MasterChef’s Tommy Pham Says Melissa Leong’s Parting Words Made Him Feel Empowered
On Sunday, July 4th, Tommy Pham became the latest contestant to be eliminated from MasterChef Australia 2021 — just shy of finals week — after the steak in his fine dining Bún bò Huế was too underdone.
The perpetually upbeat Kindergarten teacher had quite the journey on the cooking competition, with the judges noting how much he had grown as a cook during his time on the show.
“I think the biggest thing for me was I wanted to make sure that I was having fun,” Pham told POPSUGAR Australia following his elimination. “And also that I was myself and I could just cook food that I love and put up good authentic Vietnamese food.
“I didn’t want to go on and put something together that I didn’t really love, because that is not what MasterChef is about.
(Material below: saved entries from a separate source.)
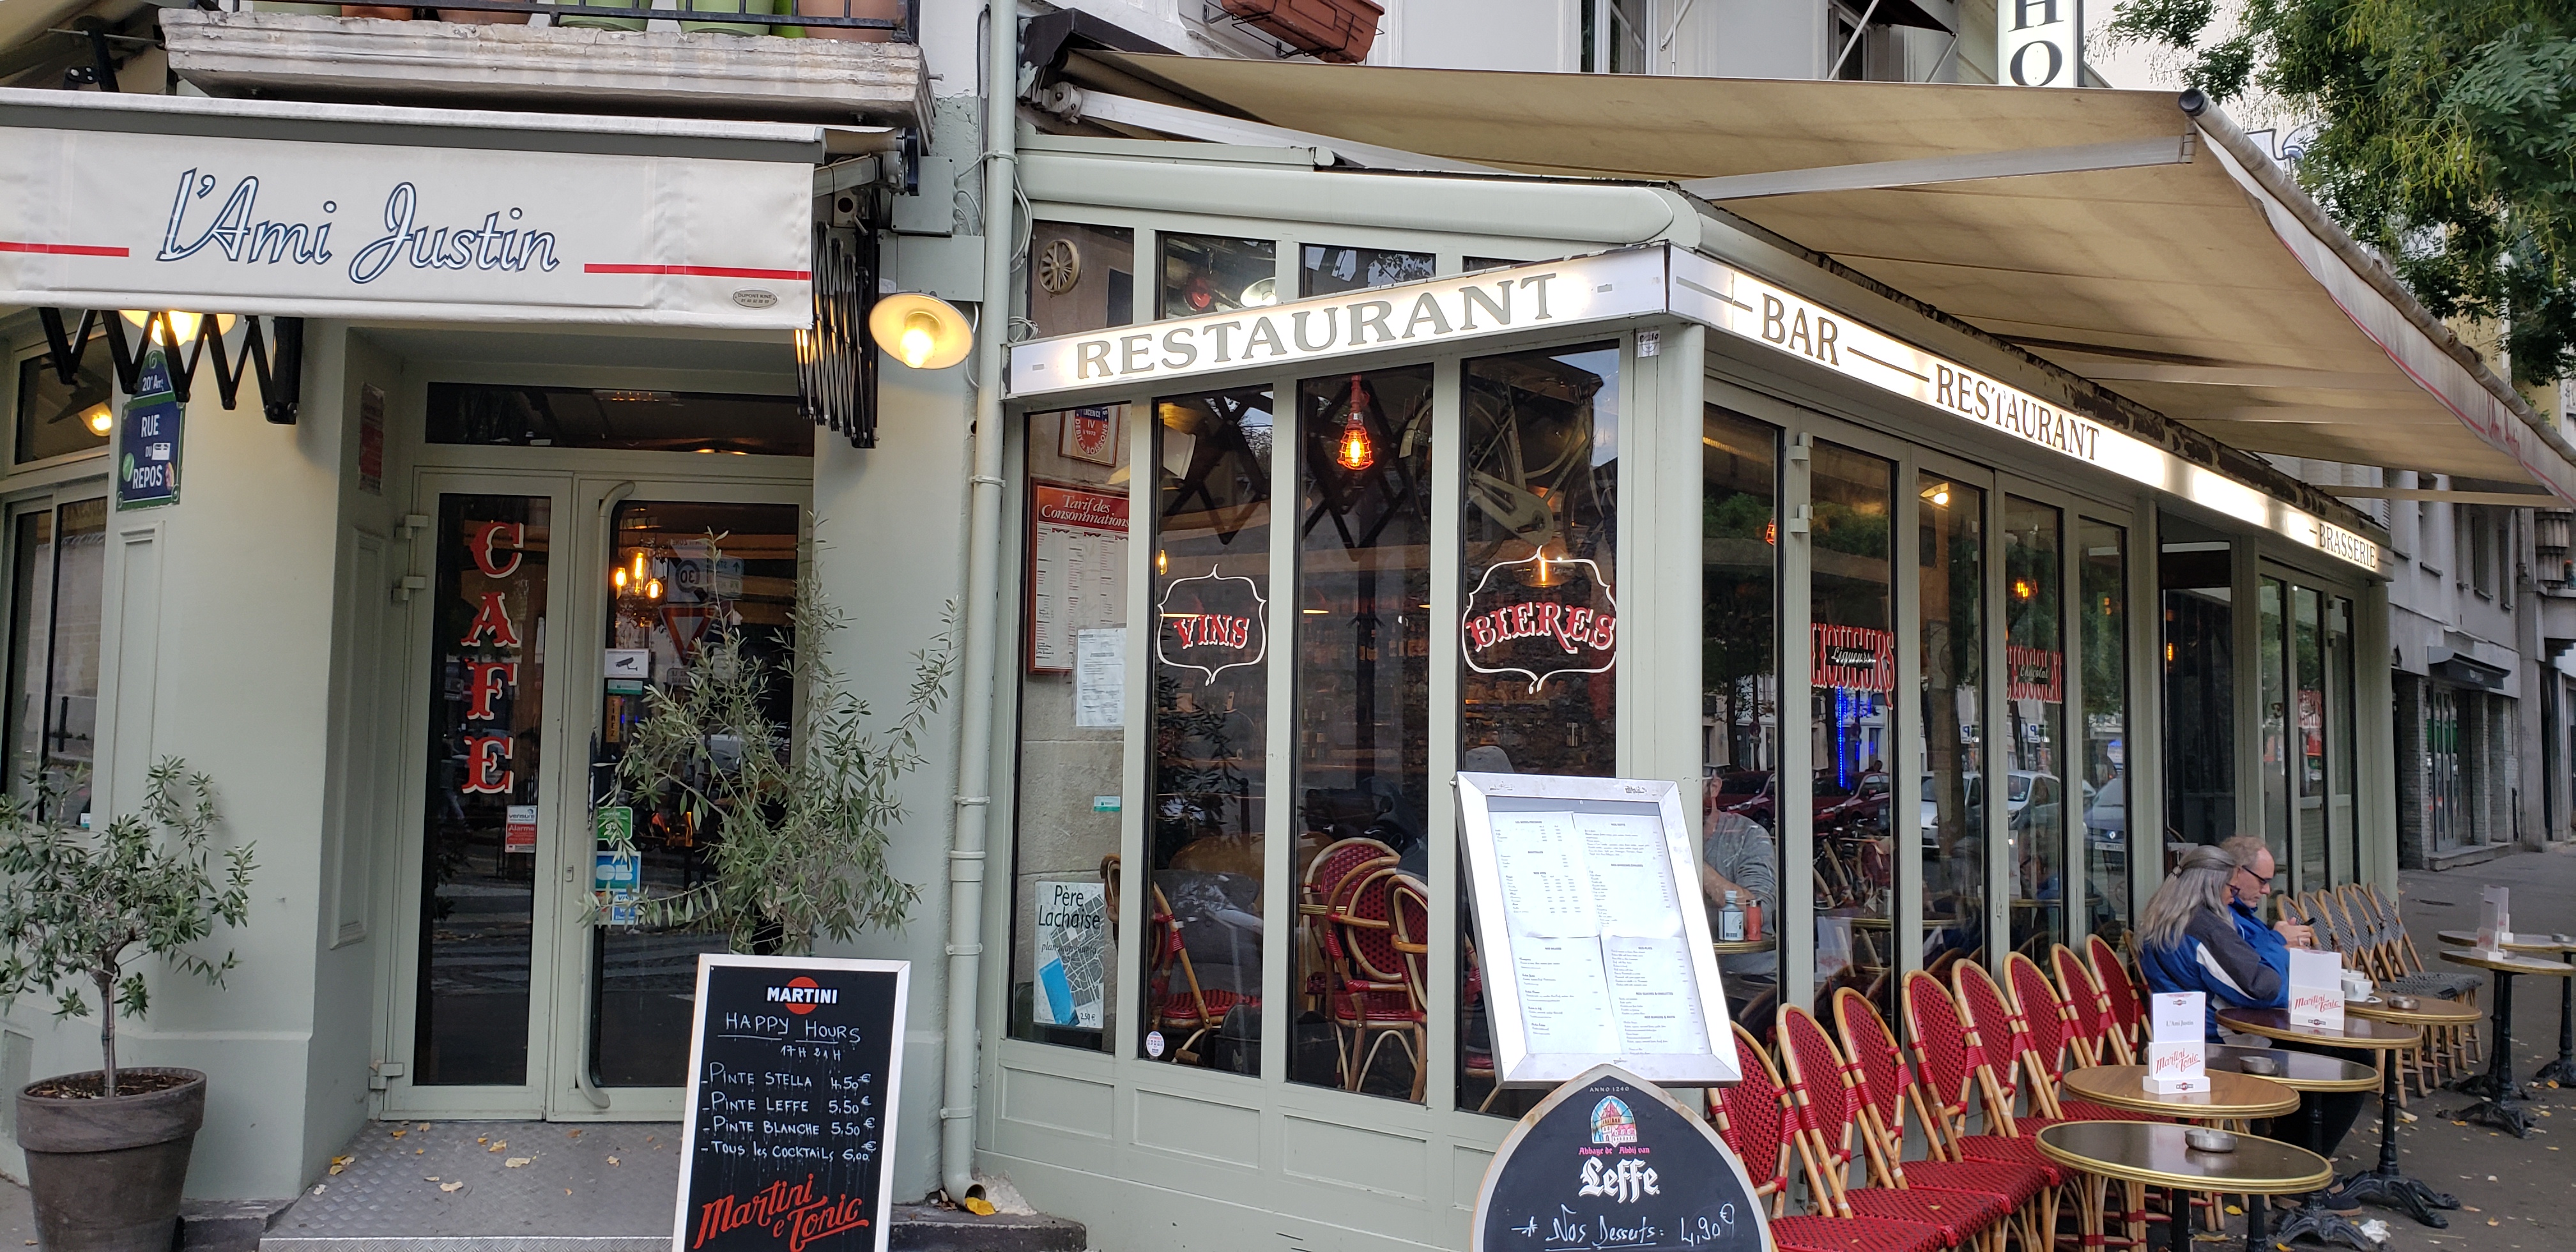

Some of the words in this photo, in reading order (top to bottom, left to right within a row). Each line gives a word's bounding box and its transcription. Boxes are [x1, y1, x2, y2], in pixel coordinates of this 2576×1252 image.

[156, 167, 337, 265] L'Ami
[348, 181, 560, 285] Justin
[1077, 273, 1557, 379] RESTAURANT
[1761, 292, 1840, 367] BAR
[1936, 363, 2100, 461] RESTAURANT
[1083, 408, 1101, 418] LICENCE
[1087, 419, 1096, 429] IV
[141, 414, 160, 438] RUE
[1075, 418, 1084, 441] DEBIT
[1086, 424, 1108, 454] BOISSONS
[132, 464, 162, 490] REPOS
[1041, 504, 1129, 528] Consommations
[1062, 494, 1096, 513] Tarif
[1093, 499, 1111, 514] des
[2319, 523, 2377, 570] BRASSERIE
[1172, 614, 1250, 650] VINS
[1465, 602, 1616, 654] BIERES
[460, 521, 525, 794] CAFE
[1831, 646, 1871, 667] Liqueurs
[2020, 665, 2048, 679] Chocolat
[1054, 885, 1084, 907] Père
[1038, 905, 1100, 929] Lachaise
[767, 986, 838, 1004] MARTINI
[2294, 993, 2326, 1010] Martini
[726, 1012, 789, 1035] HAPPY
[805, 1019, 861, 1043] HOURS
[2155, 1048, 2185, 1074] Martini
[2179, 1053, 2201, 1073] Tonic
[765, 1071, 813, 1087] STELLA
[765, 1096, 809, 1114] LEFFE
[763, 1120, 820, 1136] BLANCHE
[1578, 1146, 1604, 1156] Abbaye
[1604, 1146, 1613, 1155] de
[1618, 1146, 1637, 1156] Abdij
[1578, 1156, 1659, 1203] Leffe
[693, 1173, 815, 1249] Martini
[772, 1219, 785, 1238] e
[787, 1193, 870, 1252] Tonic
[1545, 1204, 1588, 1243] Nos
It’s about putting food that you love on a plate and hoping the judges love it too.”
The judges didn’t just love Pham’s food and evolution in the competition but also what his appearance on the show meant to so many people watching at home — something that Melissa Leong reminded him of as he bid farewell to the MasterChef kitchen.
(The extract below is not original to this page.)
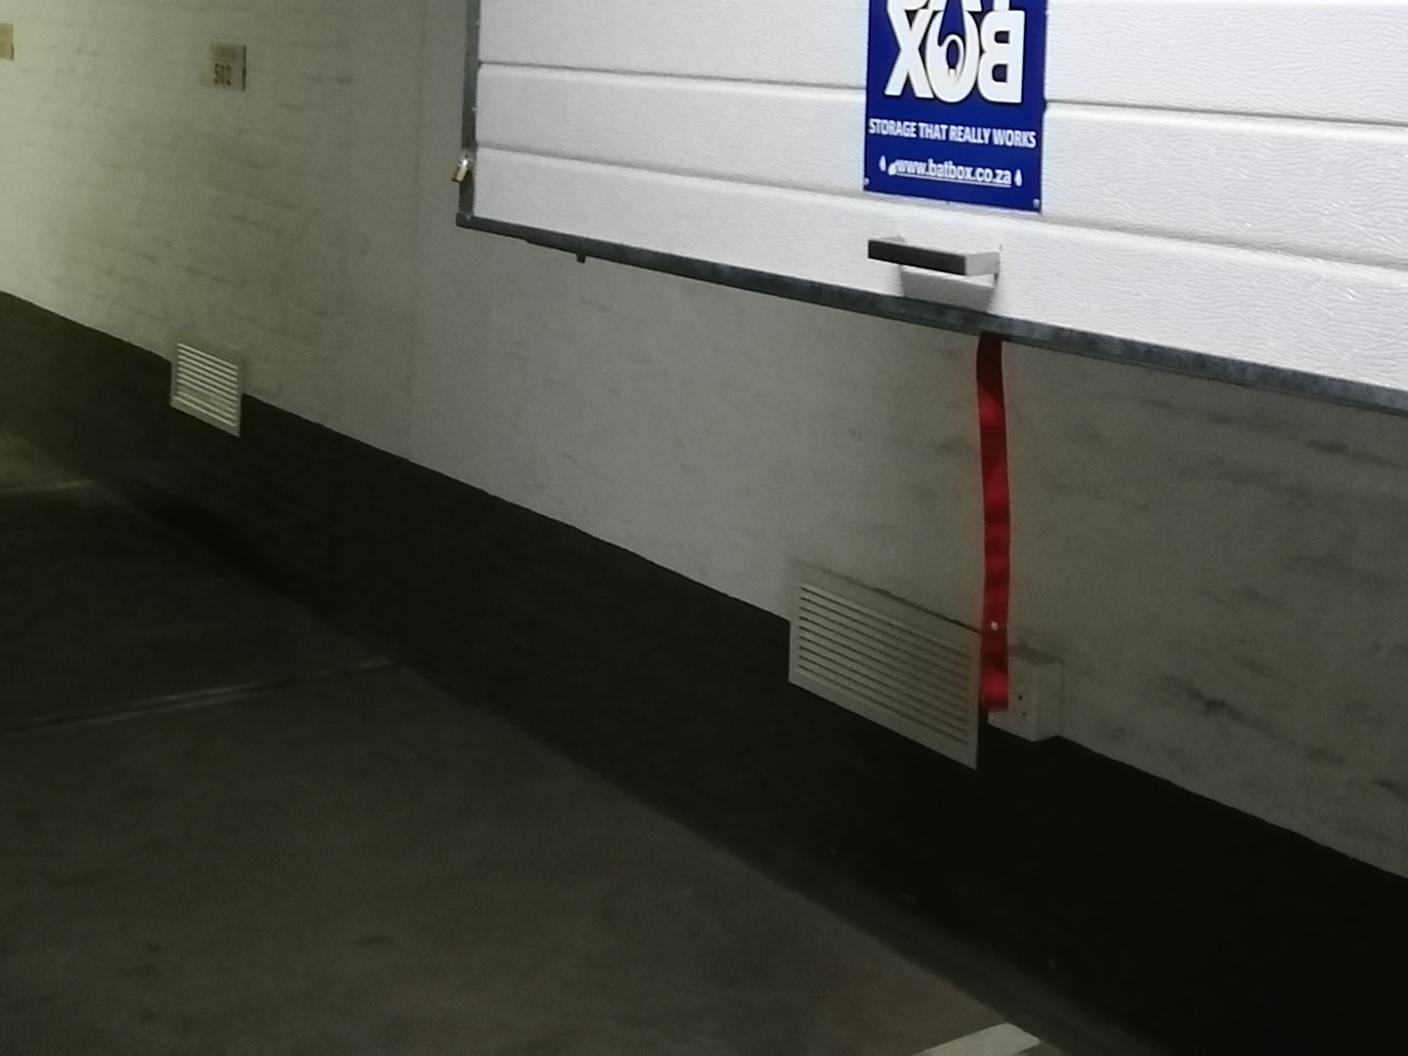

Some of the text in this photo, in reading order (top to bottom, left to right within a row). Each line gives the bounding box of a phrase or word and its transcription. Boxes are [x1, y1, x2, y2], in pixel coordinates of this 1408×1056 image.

[868, 118, 1037, 148] STORAGE THAT REALLY WORKS
[894, 157, 1012, 185] www.batbox.co.za
“Hearing that from Mel definitely made my heart feel some way,” Pham said. “It just made me feel like so empowered that, me just being on the show and being who I am, made people feel represented. And that’s a big thing.
“In Australia, we’re so multicultural and yet people still feel a little bit left out. And me being on the show and being of Asian descent, made people feel like, ‘Hey, I could do that.’”
He continued, “Even little kids — I teach Kindergarten and I see the kids thinking ‘Mr Pham is Asian and he’s on TV, that’s so cool.’ It lets them know that they could do it as well.”
One of the toughest elements of the competition for Pham was definitely being away from his partner, Wendy and their young son, Miles — something which he noted was even harder than he anticipated. Happily, the time away made the reunion even more sweet.
“My reunion with Miles was everything I wanted it to be,” Pham enthused. “He remembered who his Dad is. He gave me a big hug and it was such a nice feeling to able to hold him and be like, ‘I’m going to be with you for a while now, mate.'”
Pham, who has taken time out from being a Kindergarten teacher, is now a full-time dad to his son and planning what comes next in terms of his food dreams.
One of those dreams involves a pop-up at Sydney’s Carriageworks where Pham will be selling his inventive Bánh mì Danishes which not only won the aspiring chef immunity during the competition but a permanent spot on the menu at Melbourne institution Lune.
“I’ve been experimenting with it and making sure that it’s perfect,” Pham said. “I’ve got a few partnerships with some bakeries and stuff to make it happen and it’s amazing to be able to get food out into the community.”
Noting how much MasterChef helped him to truly find his voice as a chef, Pham said, “It’s kind of crazy because when I first got onto the show, I cooked Vietnamese food that I had at home, and I didn’t really have so much confidence in myself. But then as I went on in the competition, with the comments from the judges, I learned so much so quickly.
“I just realised that I’ve learned so much about how to make food more interesting and more technical and I can’t thank MasterChef enough for the evolution of my cooking style.”
Another thing that Pham learned during his time on the cooking series? Just how much he hates washing up.
“The biggest thing that I cannot live without, but I could never probably get ever again, is having someone wash up all the dishes after I cook,” he laughed.
“The hardest thing about coming back is making a massive mess of cooking and then being like, ‘Man, I’m gonna spend the next half an hour cleaning up after myself!.’ That’s deadly, especially after a big cook.”